Los sistemas normativos que rigen o que deberían regir nuestra sociedad, deben encontrarse fundamentados en principios intrínsecamente correctos o buenos, que se desprendan de alguna teoría ética, y que no dependan de actos externos, como la promulgación de alguna autoridad empírica o supraempírica.
Ni siquiera el mandato divino tiene una justificación independiente de su contenido: las cosas no son buenas porque dios así lo dice, dios lo dice porque son buenas.
Los seres humanos, por el mero hecho de ser tales, son fines en sí mismos, y por ello poseen derechos morales, esto quiere decir que se tienen independientemente de su consagración en algún ordenamiento normativo positivo: los derechos morales existen aun cuando algún el Estado o comunidad no los reconozca como derechos jurídicos.

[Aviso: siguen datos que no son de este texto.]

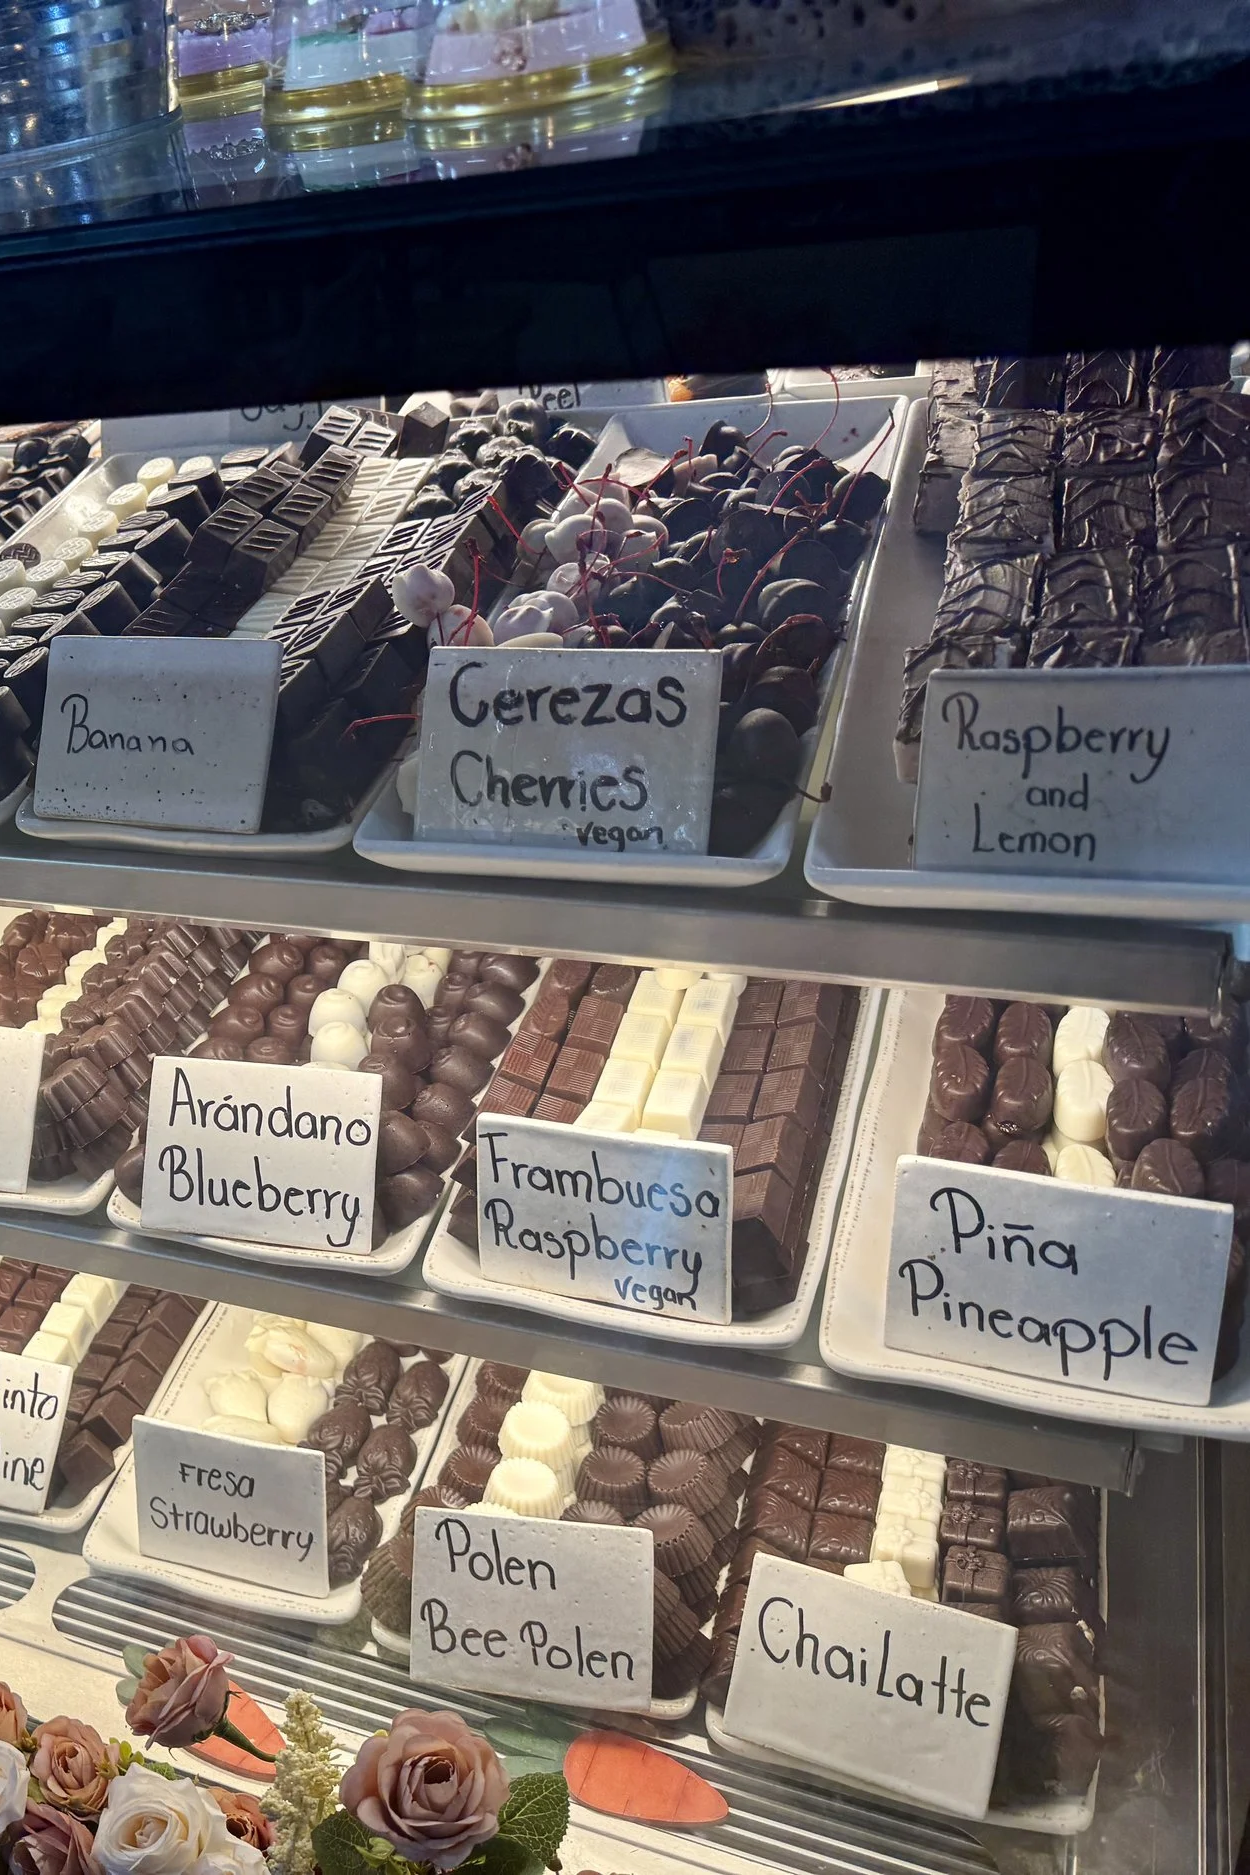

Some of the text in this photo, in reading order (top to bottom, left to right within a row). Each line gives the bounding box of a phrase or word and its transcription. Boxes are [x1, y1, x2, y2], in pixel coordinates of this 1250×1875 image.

[61, 693, 195, 756] Banana
[449, 661, 687, 728] Cerezas
[941, 691, 1170, 784] Raspberry
[450, 750, 648, 811] Cherries
[1025, 772, 1089, 811] and
[971, 802, 1097, 862] Lemon
[168, 1066, 372, 1147] Arándano
[158, 1143, 361, 1248] Blueberry
[478, 1131, 720, 1218] Frambuesa
[484, 1197, 702, 1296] Raspberry
[929, 1186, 1079, 1275] Piña
[898, 1258, 1199, 1381] Pineapple
[179, 1461, 255, 1499] Fresa
[149, 1496, 314, 1562] Strawberry
[435, 1518, 556, 1591] Polen
[420, 1597, 635, 1681] Bee Polen

Para tratar a una persona como un fin, no basta con la omisión de tratarlo como un medio, el imperativo va en serio: se debe, mediante actos (obligaciones que se generan de derechos positivos), tratarlos como fines; de allí lo ridículo de pensar, como algunos fanáticos sostienen, que no hay un derecho a no tener a hambre.
La justificación de estos derechos morales se encuentra en alguna especie de teoría del derecho natural, es decir, en alguna teoría jurídica no positivista, que se fundamente en algún principio (o principios) objetivo, válido en todo tiempo y lugar, y cognoscible mediante un método intersubjetivo, en el que si todos adoptan el punto de vista imparcial llegarían a la misma conclusión. Su grado de capacidad epistémica es lo básico. Esto último desecha las tesis de las escuelas del derecho natural que apelan a la revelación divina o fe (mera superstición si mantenemos la rigurosidad científica). La interpretación de la voluntad de dios de alguno de estos “santos devotos” llegó a justificar la discriminación por razón de sexo, raza, religión, clase, etc.; incluso llegó a postular a la intolerancia como mandato divino, lo que produjo guerras y muertes de “inocentes” al por mayor, entre otras muchas barbaridades.

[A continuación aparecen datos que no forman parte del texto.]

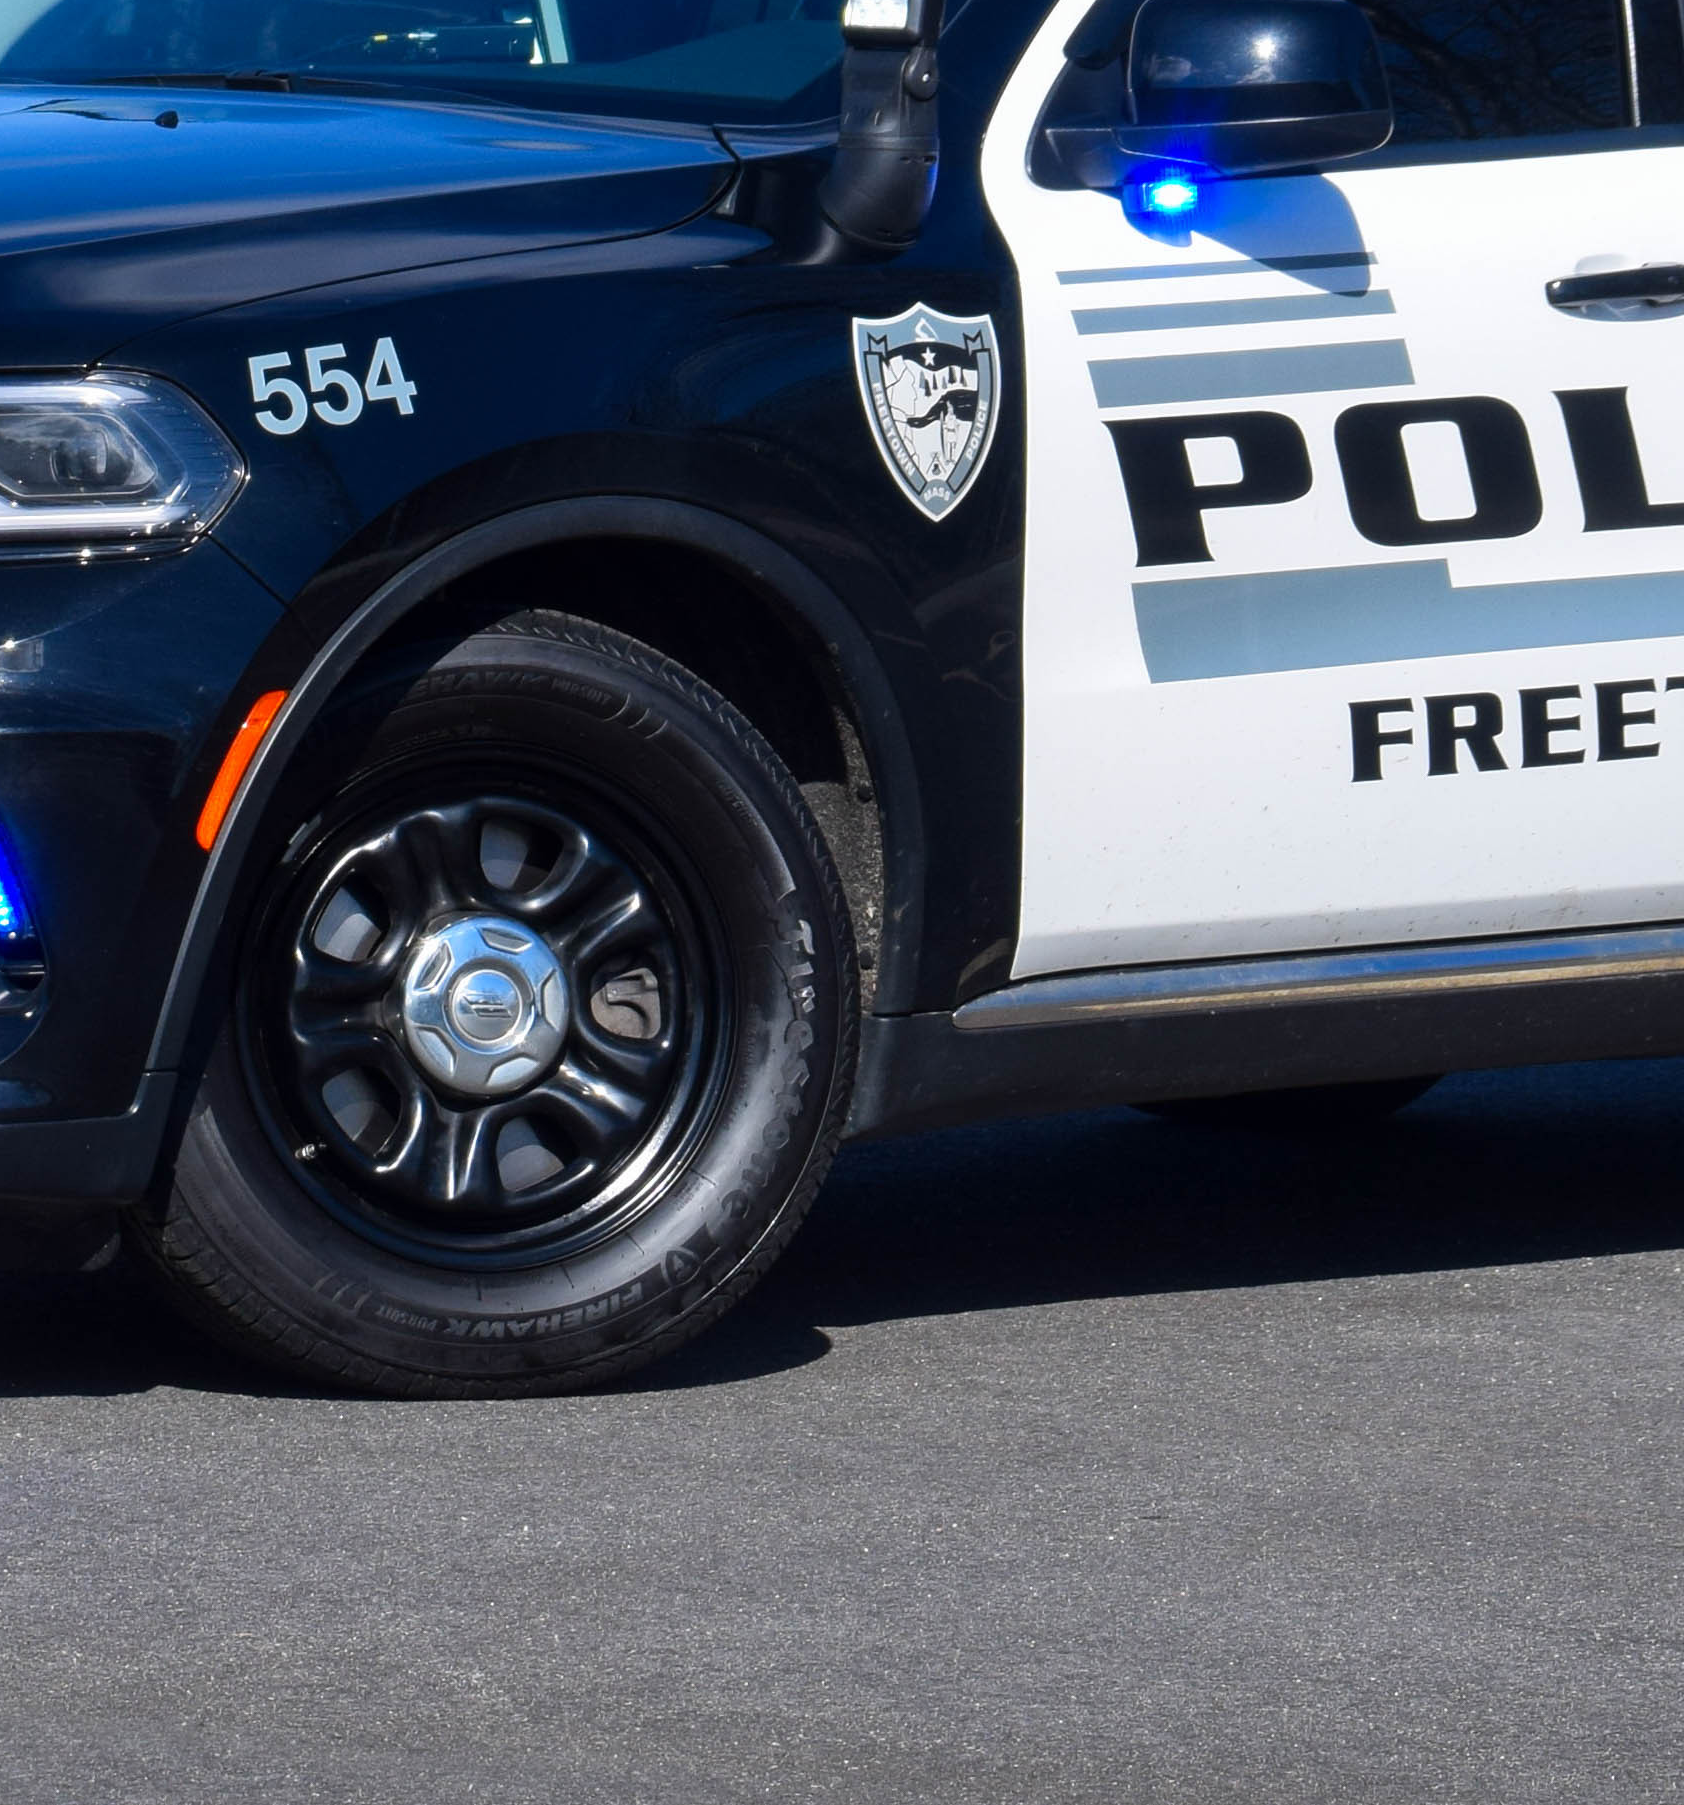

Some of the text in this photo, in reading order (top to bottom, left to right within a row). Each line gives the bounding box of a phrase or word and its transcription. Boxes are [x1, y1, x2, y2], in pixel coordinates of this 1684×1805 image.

[248, 336, 417, 435] 554
[871, 382, 917, 478] FREETOWN
[965, 399, 989, 461] POLICE
[442, 1280, 645, 1340] FIREHAWK

Otra de las tesis de estas escuelas es aquella que postula “verdades evidentes por sí mismas” que se colocan más allá de toda prueba y que no permiten una argumentación de carácter racional: para los “padres fundadores” constituía una verdad evidente por sí misma la posesión de esclavos, el machismo y la inferioridad de los nativos americanos.
La naturaleza humana, cuánto se ha escrito sobre ella, tantas y tan diversas ideas se han esgrimido, basándose en alguna concepción de ésta. Que es un dato objetivo constante e inmodificable, se dice. Nos proponen como método, si es que somos de los pocos iluminados, cerrar los ojos y reflexionar profundamente, porque de allí, intuitivamente, se capta la verdadera esencia de la naturaleza humana de la que pretenciosamente se obtienen los principios universales (válidos para todo tiempo y espacio) y objetivos (entes que están allí listos para ser captados por la razón). Obviamente no todos los “pocos iluminados” llegan a la misma conclusión, la tarea de decidir qué es lo bueno y qué es lo malo debe ser confiada “ciegamente” a unos pocos eruditos.
Recordemos que bajo la expresión naturaleza humana, paradójicamente, se han pretendido justificar regímenes tan contrarios entre sí, como el anarco capitalismo o el comunismo utópico. Resulta notorio que este método no es científico, en lo absoluto. Si recurrimos a las ciencias, como la antropología o la sociología, sus observaciones realizadas al ser humano, en distintas circunstancias (históricas, geográficas) o en su “estado de naturaleza”, no nos han proporcionado datos certeros o alguna teoría sobre su ÚNICA naturaleza, mucho menos nos pueden proporcionar la naturaleza que DEBERÍA SER, ya que, indiscutiblemente, los antropólogos o sociólogos tropezarían con la falacia lógica naturalista descrita por David Hume: lo que ES no necesariamente DEBE SER.
El intuicionismo, a su vez, renuncia a la argumentación en la teoría moral, ya que, bajo este método, el conocimiento moral de la conducta correcta se lo aprehende de forma directa, inmediata, rutinaria, imperativa. Es curioso que las percepciones morales de los individuos parezcan depender tanto de lo que su madre les dijo a los 2 años o de las circunstancias en que fueron educados.